| EXERCISE GOAL |
Copy out the data in full and exactly, passing over the pictures.

| DATA FOR THIS TASK |
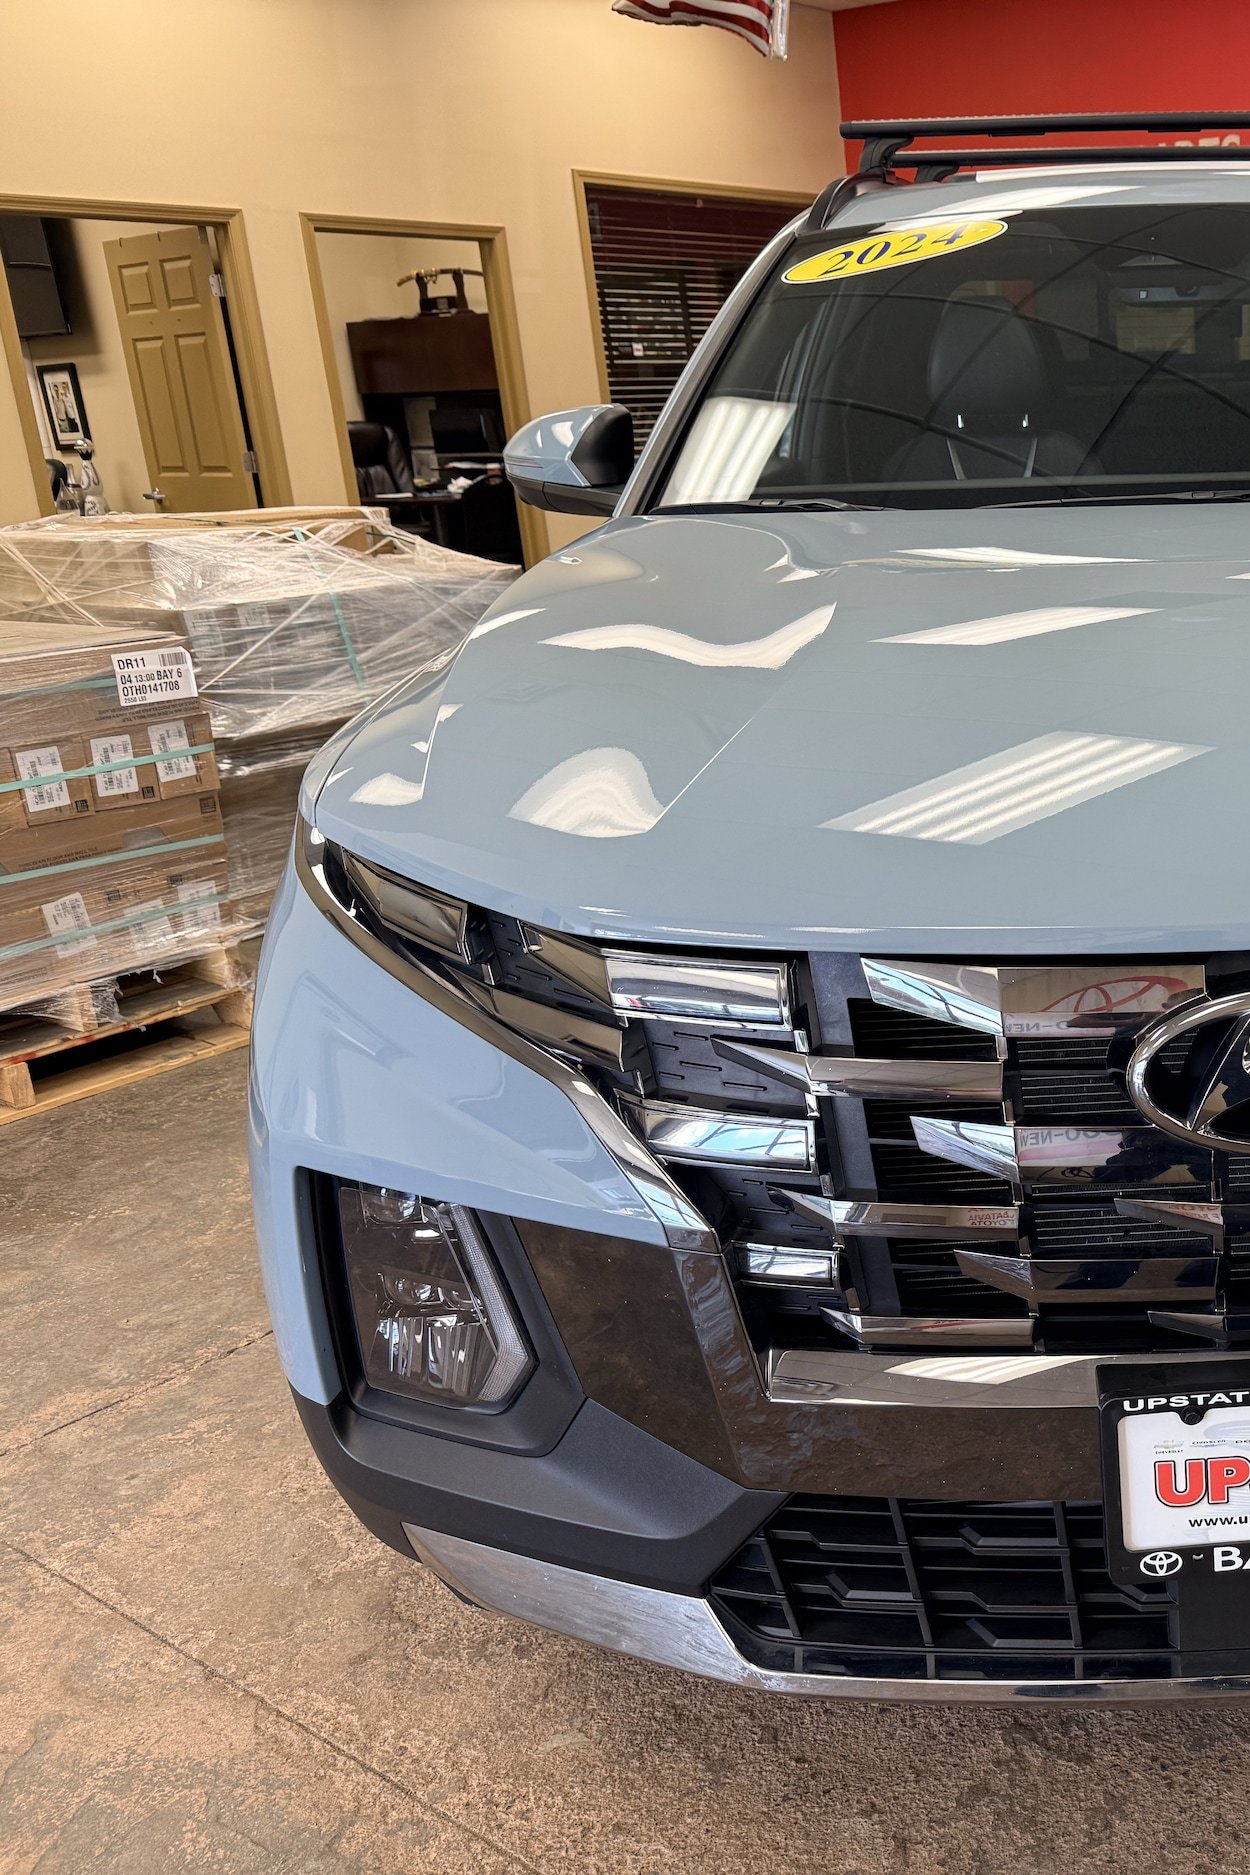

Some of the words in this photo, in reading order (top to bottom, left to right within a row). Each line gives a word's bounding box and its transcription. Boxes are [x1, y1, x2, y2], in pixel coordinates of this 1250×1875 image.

[817, 222, 969, 277] 2024
[117, 657, 146, 670] DR11
[120, 674, 132, 685] 04
[134, 673, 156, 683] 13:00
[156, 669, 174, 680] BAY
[176, 668, 183, 678] 6
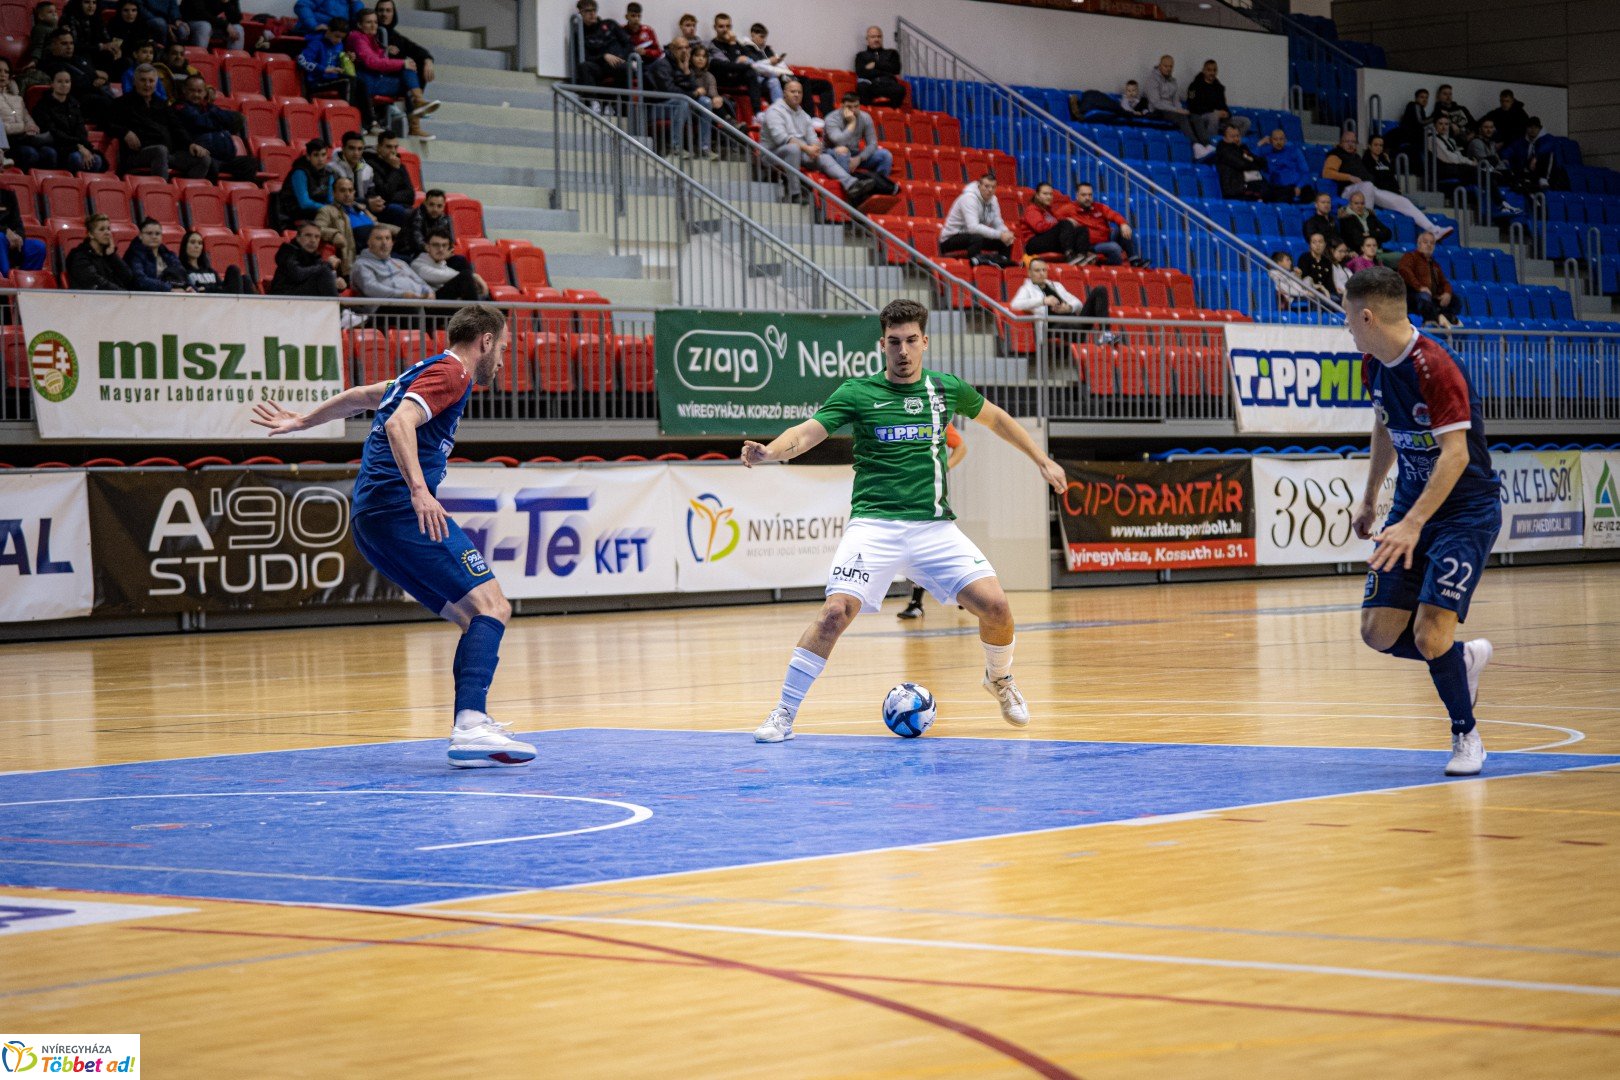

| RESPONSE TO THE EXERCISE |
Some of the words in this photo, in reading order (top to bottom, left to right within a row). Each line gives a word's bounding box and its transcription. Boxes are [x1, y1, x2, y2], in pixel coordinates of this 1250×1875 image.

[817, 222, 969, 277] 2024
[117, 657, 146, 670] DR11
[120, 674, 132, 685] 04
[134, 673, 156, 683] 13:00
[156, 669, 174, 680] BAY
[176, 668, 183, 678] 6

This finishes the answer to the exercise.